PROBLEM TO SOLVE
Take the data below and write it out exactly, except for the pictures.

ENTRIES SHOWN
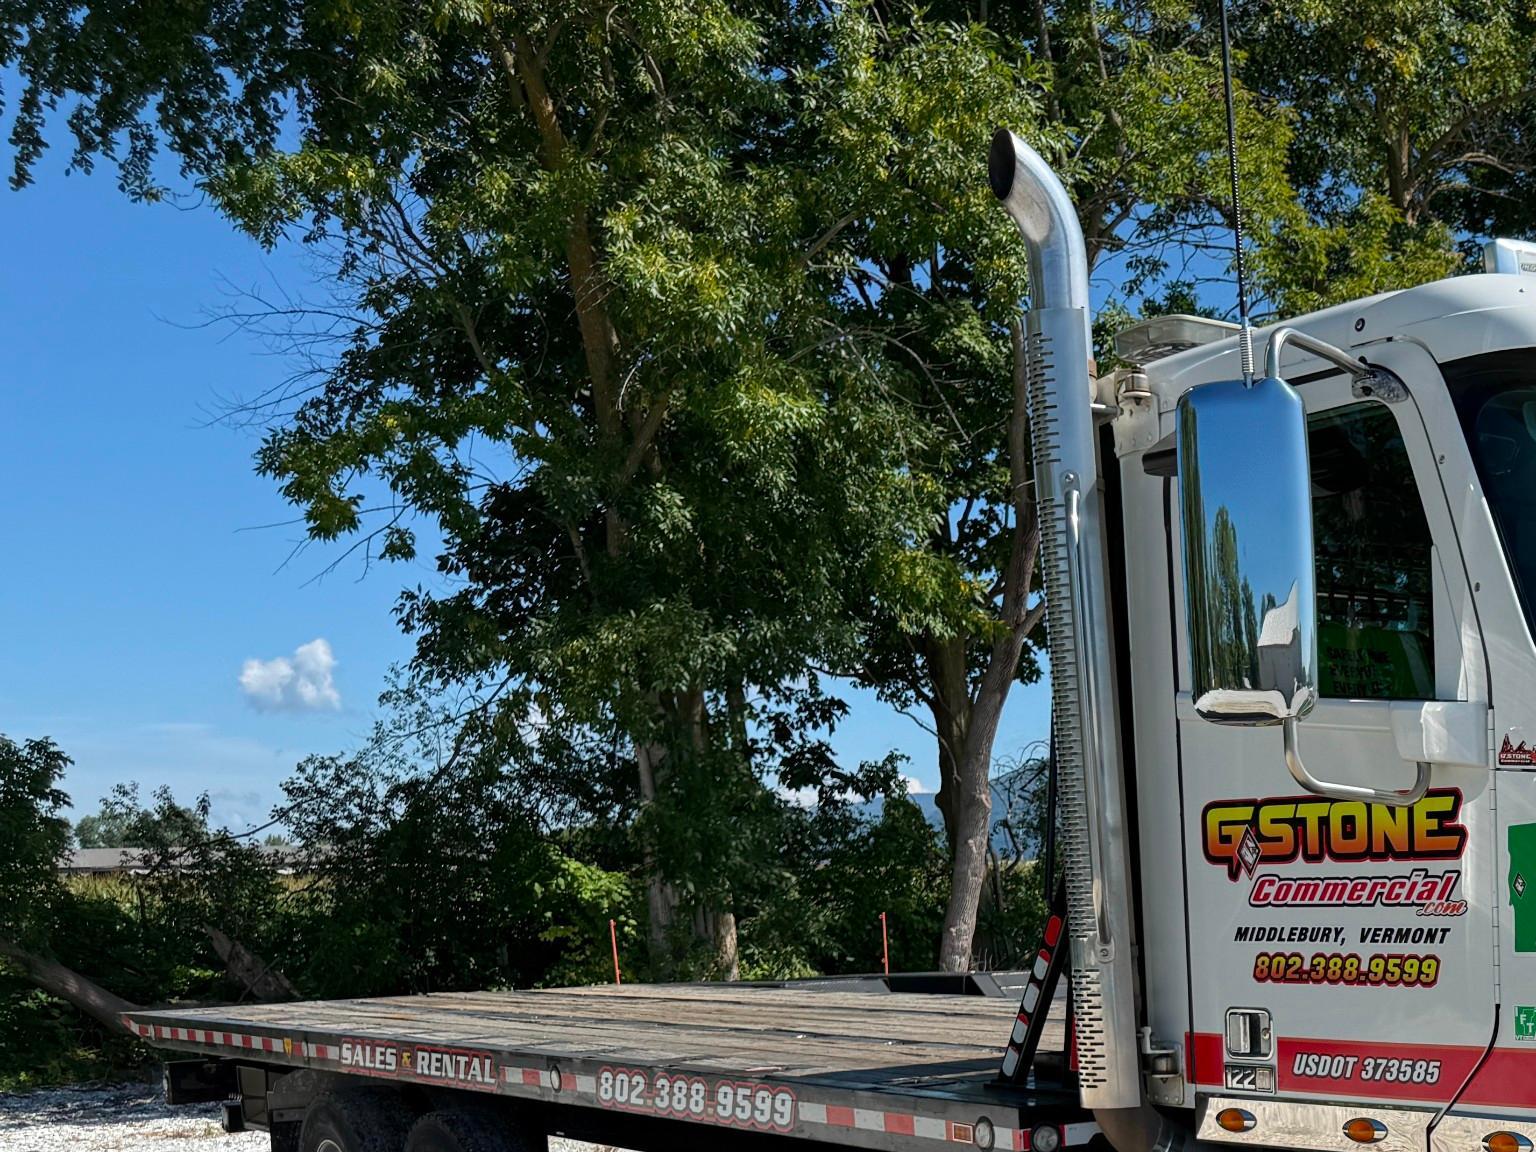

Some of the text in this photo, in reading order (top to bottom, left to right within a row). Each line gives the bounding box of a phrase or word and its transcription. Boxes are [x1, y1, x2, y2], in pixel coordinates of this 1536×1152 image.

[1252, 871, 1458, 906] Commercial
[1234, 927, 1451, 946] MIDDLEBURY, VERMONT
[1255, 954, 1438, 984] 802.388.9599
[341, 1042, 496, 1084] SALES & RENTAL
[1293, 1054, 1441, 1084] USDOT 373585
[599, 1071, 792, 1126] 802.388.9599

SOLUTION TO THIS EXERCISE
Some of the text in this photo, in reading order (top to bottom, left to right within a row). Each line gives the bounding box of a phrase or word and its transcription. Boxes are [x1, y1, x2, y2], in pixel coordinates of this 1536×1152 image.

[1252, 871, 1458, 906] Commercial
[1234, 927, 1451, 946] MIDDLEBURY, VERMONT
[1255, 954, 1438, 984] 802.388.9599
[341, 1042, 496, 1084] SALES & RENTAL
[1293, 1054, 1441, 1084] USDOT 373585
[599, 1071, 792, 1126] 802.388.9599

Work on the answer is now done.